*** Provided data Section Begins ***
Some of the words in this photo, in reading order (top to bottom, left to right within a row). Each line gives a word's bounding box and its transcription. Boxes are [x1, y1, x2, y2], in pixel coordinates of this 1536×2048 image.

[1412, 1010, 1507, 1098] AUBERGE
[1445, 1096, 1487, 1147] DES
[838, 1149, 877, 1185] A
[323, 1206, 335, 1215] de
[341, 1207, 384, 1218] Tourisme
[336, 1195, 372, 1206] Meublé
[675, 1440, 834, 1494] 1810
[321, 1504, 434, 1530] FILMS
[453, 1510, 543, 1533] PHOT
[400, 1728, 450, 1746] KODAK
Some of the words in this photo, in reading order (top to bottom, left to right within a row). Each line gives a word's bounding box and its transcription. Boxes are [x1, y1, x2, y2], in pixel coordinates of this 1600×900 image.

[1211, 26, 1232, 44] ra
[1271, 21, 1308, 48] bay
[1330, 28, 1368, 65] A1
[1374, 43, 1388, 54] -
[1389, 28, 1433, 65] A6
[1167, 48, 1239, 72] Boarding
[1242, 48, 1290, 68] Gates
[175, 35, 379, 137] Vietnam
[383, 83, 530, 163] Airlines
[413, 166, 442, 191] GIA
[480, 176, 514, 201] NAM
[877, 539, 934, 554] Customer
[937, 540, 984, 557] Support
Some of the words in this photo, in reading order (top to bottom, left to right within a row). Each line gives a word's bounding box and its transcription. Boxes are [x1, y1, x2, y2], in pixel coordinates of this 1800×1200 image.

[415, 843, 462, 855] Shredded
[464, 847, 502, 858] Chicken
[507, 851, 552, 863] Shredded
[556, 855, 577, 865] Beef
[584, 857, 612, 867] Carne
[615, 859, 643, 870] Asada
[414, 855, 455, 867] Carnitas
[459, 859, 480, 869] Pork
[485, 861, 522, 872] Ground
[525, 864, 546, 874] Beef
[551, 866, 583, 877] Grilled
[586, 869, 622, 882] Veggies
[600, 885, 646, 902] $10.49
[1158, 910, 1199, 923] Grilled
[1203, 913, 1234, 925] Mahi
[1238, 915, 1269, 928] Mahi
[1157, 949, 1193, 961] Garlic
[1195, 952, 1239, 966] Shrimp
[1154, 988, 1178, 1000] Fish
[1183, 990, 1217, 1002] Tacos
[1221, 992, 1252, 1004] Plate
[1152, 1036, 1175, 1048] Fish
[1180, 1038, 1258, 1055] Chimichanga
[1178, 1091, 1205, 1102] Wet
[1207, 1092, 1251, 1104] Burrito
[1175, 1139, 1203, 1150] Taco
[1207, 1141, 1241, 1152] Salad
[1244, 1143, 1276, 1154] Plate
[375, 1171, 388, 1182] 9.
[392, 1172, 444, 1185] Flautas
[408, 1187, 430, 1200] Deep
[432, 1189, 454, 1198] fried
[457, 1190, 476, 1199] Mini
*** Provided data Section Ends ***
Try it:
Write the data back out verbatim.

Expected answer:
Some of the words in this photo, in reading order (top to bottom, left to right within a row). Each line gives a word's bounding box and its transcription. Boxes are [x1, y1, x2, y2], in pixel coordinates of this 1536×2048 image.

[1412, 1010, 1507, 1098] AUBERGE
[1445, 1096, 1487, 1147] DES
[838, 1149, 877, 1185] A
[323, 1206, 335, 1215] de
[341, 1207, 384, 1218] Tourisme
[336, 1195, 372, 1206] Meublé
[675, 1440, 834, 1494] 1810
[321, 1504, 434, 1530] FILMS
[453, 1510, 543, 1533] PHOT
[400, 1728, 450, 1746] KODAK
Some of the words in this photo, in reading order (top to bottom, left to right within a row). Each line gives a word's bounding box and its transcription. Boxes are [x1, y1, x2, y2], in pixel coordinates of this 1600×900 image.

[1211, 26, 1232, 44] ra
[1271, 21, 1308, 48] bay
[1330, 28, 1368, 65] A1
[1374, 43, 1388, 54] -
[1389, 28, 1433, 65] A6
[1167, 48, 1239, 72] Boarding
[1242, 48, 1290, 68] Gates
[175, 35, 379, 137] Vietnam
[383, 83, 530, 163] Airlines
[413, 166, 442, 191] GIA
[480, 176, 514, 201] NAM
[877, 539, 934, 554] Customer
[937, 540, 984, 557] Support
Some of the words in this photo, in reading order (top to bottom, left to right within a row). Each line gives a word's bounding box and its transcription. Boxes are [x1, y1, x2, y2], in pixel coordinates of this 1800×1200 image.

[415, 843, 462, 855] Shredded
[464, 847, 502, 858] Chicken
[507, 851, 552, 863] Shredded
[556, 855, 577, 865] Beef
[584, 857, 612, 867] Carne
[615, 859, 643, 870] Asada
[414, 855, 455, 867] Carnitas
[459, 859, 480, 869] Pork
[485, 861, 522, 872] Ground
[525, 864, 546, 874] Beef
[551, 866, 583, 877] Grilled
[586, 869, 622, 882] Veggies
[600, 885, 646, 902] $10.49
[1158, 910, 1199, 923] Grilled
[1203, 913, 1234, 925] Mahi
[1238, 915, 1269, 928] Mahi
[1157, 949, 1193, 961] Garlic
[1195, 952, 1239, 966] Shrimp
[1154, 988, 1178, 1000] Fish
[1183, 990, 1217, 1002] Tacos
[1221, 992, 1252, 1004] Plate
[1152, 1036, 1175, 1048] Fish
[1180, 1038, 1258, 1055] Chimichanga
[1178, 1091, 1205, 1102] Wet
[1207, 1092, 1251, 1104] Burrito
[1175, 1139, 1203, 1150] Taco
[1207, 1141, 1241, 1152] Salad
[1244, 1143, 1276, 1154] Plate
[375, 1171, 388, 1182] 9.
[392, 1172, 444, 1185] Flautas
[408, 1187, 430, 1200] Deep
[432, 1189, 454, 1198] fried
[457, 1190, 476, 1199] Mini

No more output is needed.